◆ **Your goal**
Please return all of the records verbatim, with the pictures omitted.
== Segment start ==
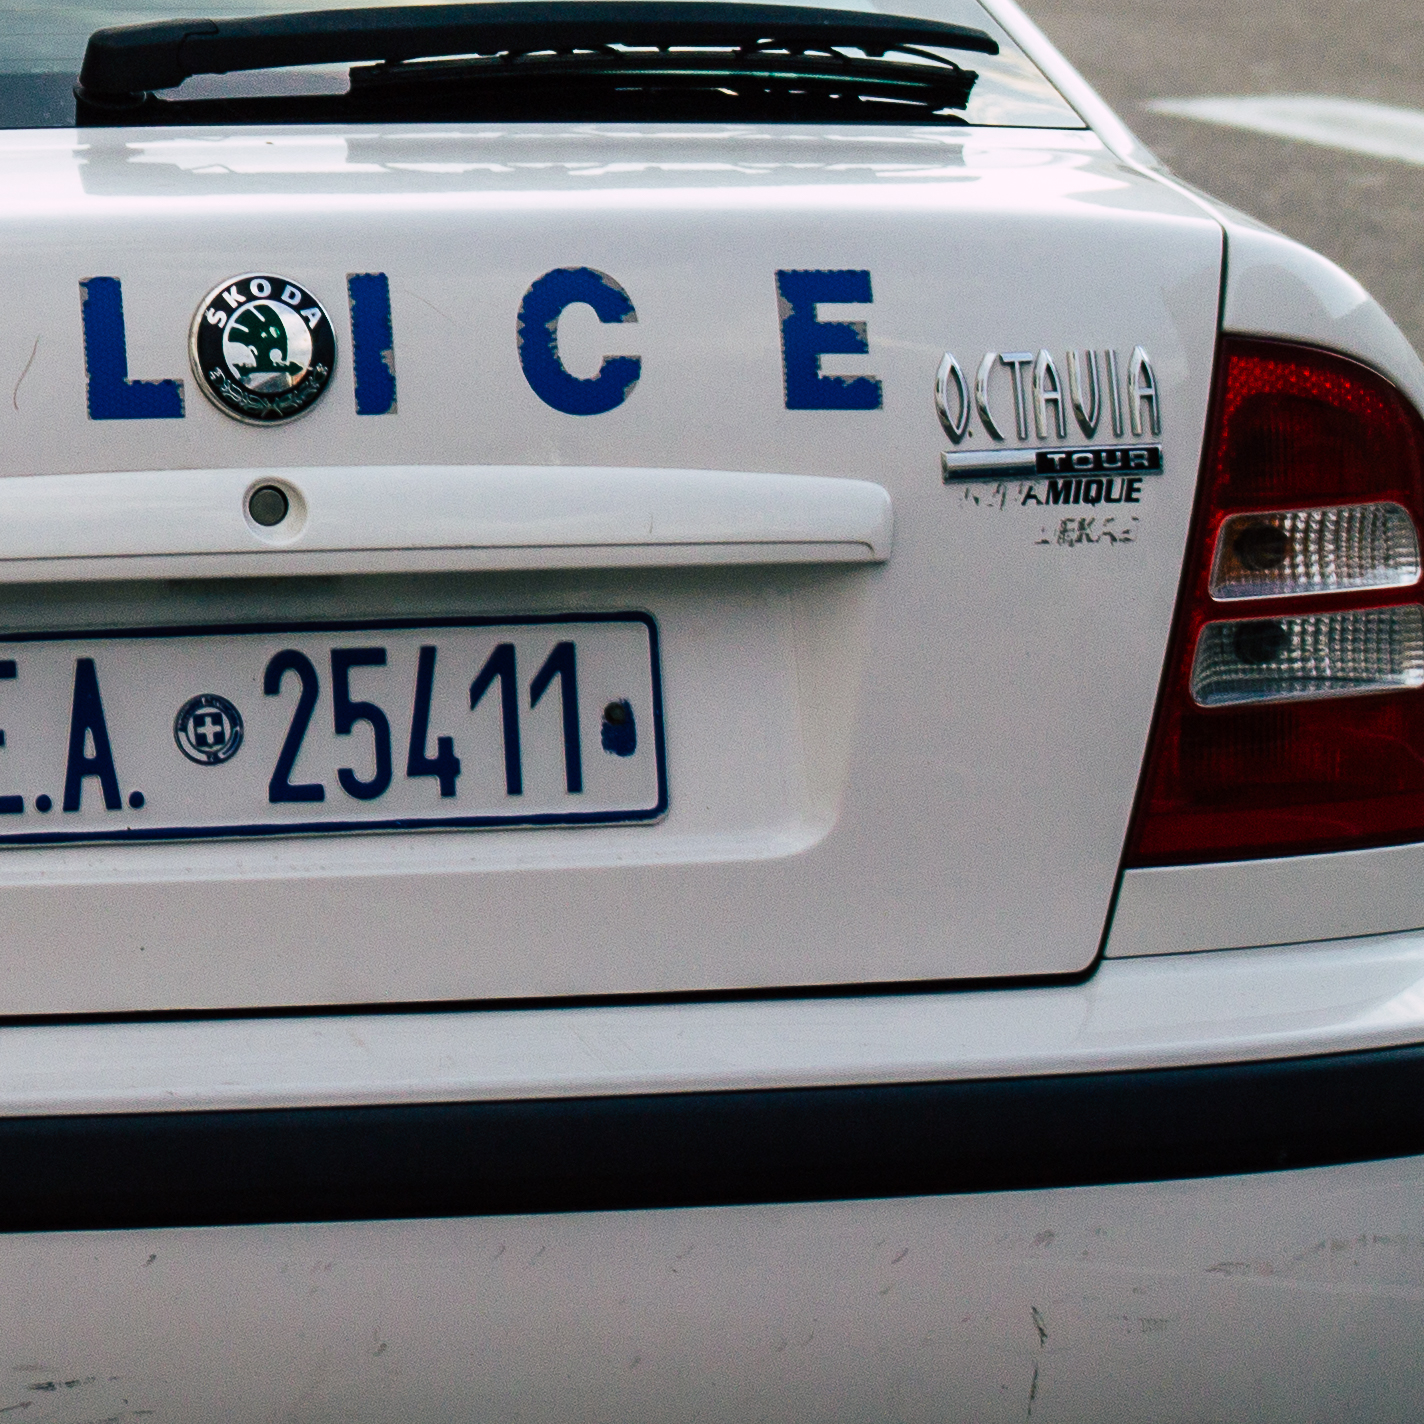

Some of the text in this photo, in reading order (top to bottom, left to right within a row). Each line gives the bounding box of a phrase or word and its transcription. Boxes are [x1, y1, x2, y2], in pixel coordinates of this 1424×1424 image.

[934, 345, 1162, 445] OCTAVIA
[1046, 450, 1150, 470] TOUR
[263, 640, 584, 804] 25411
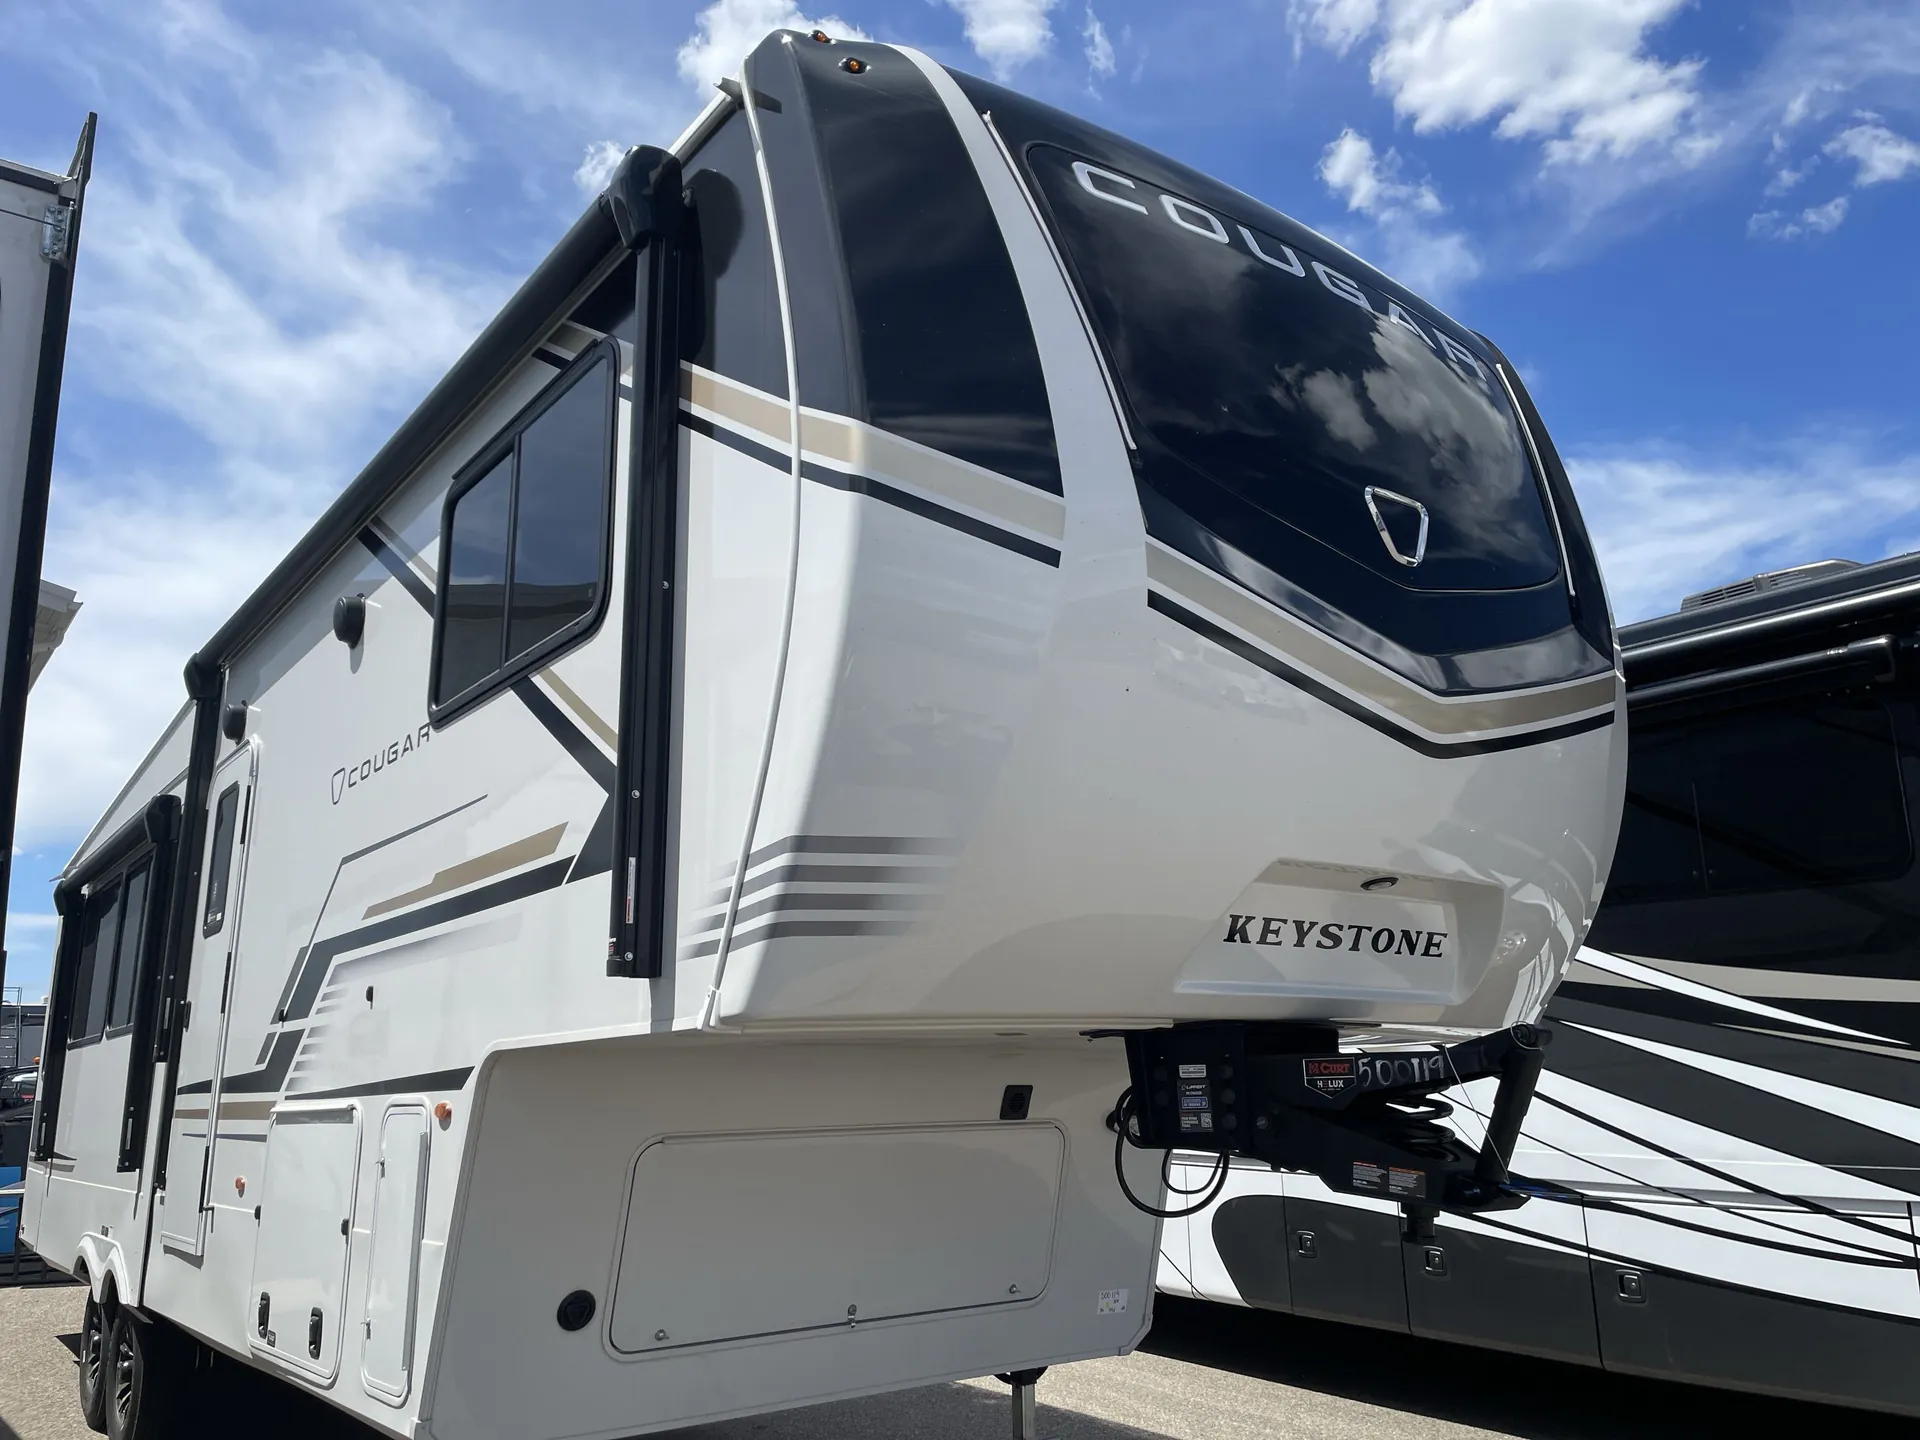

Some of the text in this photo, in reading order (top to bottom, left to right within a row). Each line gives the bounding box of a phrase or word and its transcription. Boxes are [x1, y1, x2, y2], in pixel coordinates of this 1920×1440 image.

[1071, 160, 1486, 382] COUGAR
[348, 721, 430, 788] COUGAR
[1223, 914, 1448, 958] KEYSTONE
== Segment end ==
◆ **Answer to the exercise**
Some of the text in this photo, in reading order (top to bottom, left to right within a row). Each line gives the bounding box of a phrase or word and its transcription. Boxes are [x1, y1, x2, y2], in pixel coordinates of this 1424×1424 image.

[934, 345, 1162, 445] OCTAVIA
[1046, 450, 1150, 470] TOUR
[263, 640, 584, 804] 25411

Some of the text in this photo, in reading order (top to bottom, left to right within a row). Each line gives the bounding box of a phrase or word and its transcription. Boxes are [x1, y1, x2, y2], in pixel coordinates of this 1920×1440 image.

[1071, 160, 1486, 382] COUGAR
[348, 721, 430, 788] COUGAR
[1223, 914, 1448, 958] KEYSTONE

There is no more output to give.